José Saramago – Escrever num blog não difere de escrever no papel. Salvo a extensão do texto em que, no caso do blog, se aconselha uma certa brevidade, os escritores não estão condicionados por regras que, supostamente, caracterizariam o blog. Não sou frequentador assíduo da internet.

Consulto o Google com frequência, nada mais. Quanto a ler blogs, faço às vezes, mas não mantenho diálogo com eles. Para mim, a internet é uma fonte de informação rápida e em geral eficaz, porém não confundamos: a literatura ou é ou não é, não há meios termos. Muitas transformações teriam de dar-se (e eu não vejo como nem quais) para que a internet tomasse lugar no fazer literário.

O senhor acha que a experiência em escrever para um blog, onde teoricamente os textos são mais diretos, teve alguma influência na sua escrita? 

J.S. – Nenhuma. Continuo a utilizar frases longas, das que dão espaço e tempo para observações e análises, que considero necessárias. A tão louvada clareza das sínteses é, não raro, enganosa.

O senhor acompanha o fenômeno do Twitter, já pensou em abrir uma conta no site?

J.S. – Nem sequer é para mim uma tentação de neófito. Os tais 140 caracteres refletem algo que já conhecíamos: a tendência para o monossílabo como forma de comunicação. De degrau em degrau, vamos descendo até o grunhido.

No livro, o senhor escreve, sobre a internet: ‘É isto o mais parecido com o poder dos cidadãos?’ E diz, ainda: ‘Não tenho respostas, apenas constato perguntas’. A resposta já apareceu? O senhor considera a internet um espaço democrático e verdadeiramente livre? 

J.S. – Nada há que seja verdadeiramente livre nem suficientemente democrático. Não tenhamos ilusões, a internet não veio para salvar o mundo.

Num texto, o senhor também comentou o romance Budapeste, de Chico Buarque: ‘Não creio enganar-me dizendo que algo novo aconteceu no Brasil com este livro’. Por que a literatura de Chico seria tão renovadora? O senhor já leu seu novo romance, Leite derramado

J.S. – Achei Leite derramado à altura do melhor que Chico Buarque tem escrito, embora, de todos os seus livros, continue a preferir Budapeste. A meu ver, a grande renovação operada por Chico Buarque deu-se ao nível da linguagem: o vernáculo toma o seu lugar ao lado do coloquial.

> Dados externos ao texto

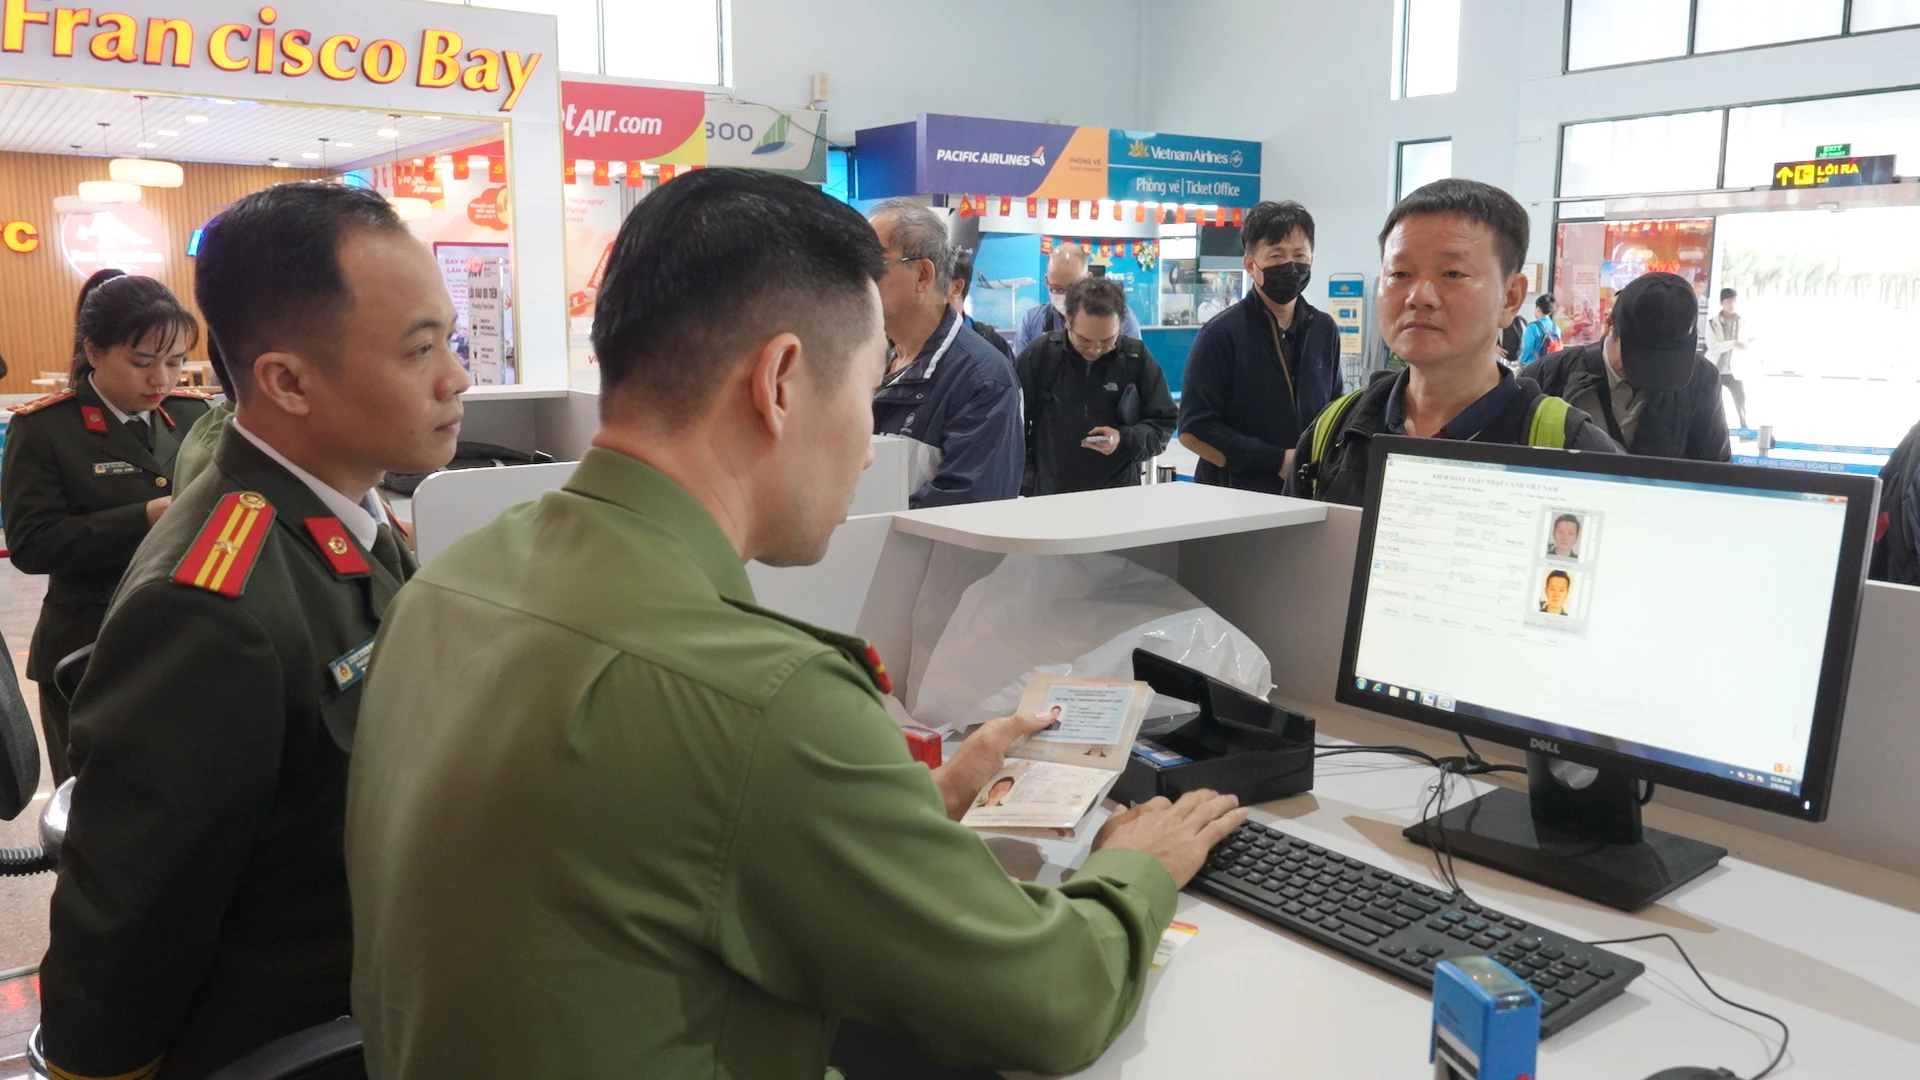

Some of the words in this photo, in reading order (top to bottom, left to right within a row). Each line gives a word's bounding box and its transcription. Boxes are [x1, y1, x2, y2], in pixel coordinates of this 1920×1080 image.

No dia 16 de novembro de 2008, o senhor escreveu, ao completar 86 anos: ‘Dizem-me que as entrevistas valeram a pena. Eu, como de costume, duvido, talvez porque já esteja cansado de me ouvir’. O senhor acha impossível ser surpreendido por alguma entrevista hoje? 

J.S. – Creio que me fizeram todas as perguntas possíveis. Eu próprio, se fosse jornalista, não saberia o que perguntar-me. O mal está nas inúmeras entrevistas que tenho dado. Em todo caso, tenho o cuidado de responder seriamente ao que se me pergunta, o que me dá o direito de protestar contra a frivolidade de certos jornalistas a quem só interessa o escândalo ou a polêmica gratuita.

O senhor segue escrevendo para o blog hoje. Pretende seguir atualizando-o indefinidamente? Podemos esperar um O caderno II para breve? 

J.S. – Haverá um O caderno II ainda este ano, mas não me vejo a escrever blogs indefinidamente. Tem sido uma boa experiência, chego a mais leitores com mais rapidez, mas tudo acaba por cansar.

Num texto recente do blog, o senhor escreveu um post muito afetuoso sobre sua alegria em ser escolhido acadêmico correspondente da Academia Brasileira de Letras. Por que o Brasil é tão importante para o senhor? 

J.S. – O Brasil é importante para qualquer português. Gostaria de nos ver mais unidos a trabalhar em assuntos de interesse comum, mas as políticas nacionais nem sempre se inspiram nas melhores razões. É uma pena que assim seja. As minhas memórias mais antigas são as da literatura, os nomes e as obras de Machado de Assis, Manuel Bandeira, Jorge Amado, João Cabral de Mello Neto, Carlos Drummond de Andrade, Guimarães Rosa, Graciliano Ramos – tantos e tão grandes escritores, estes e outros, que fizeram da literatura brasileira um tesouro inesgotável.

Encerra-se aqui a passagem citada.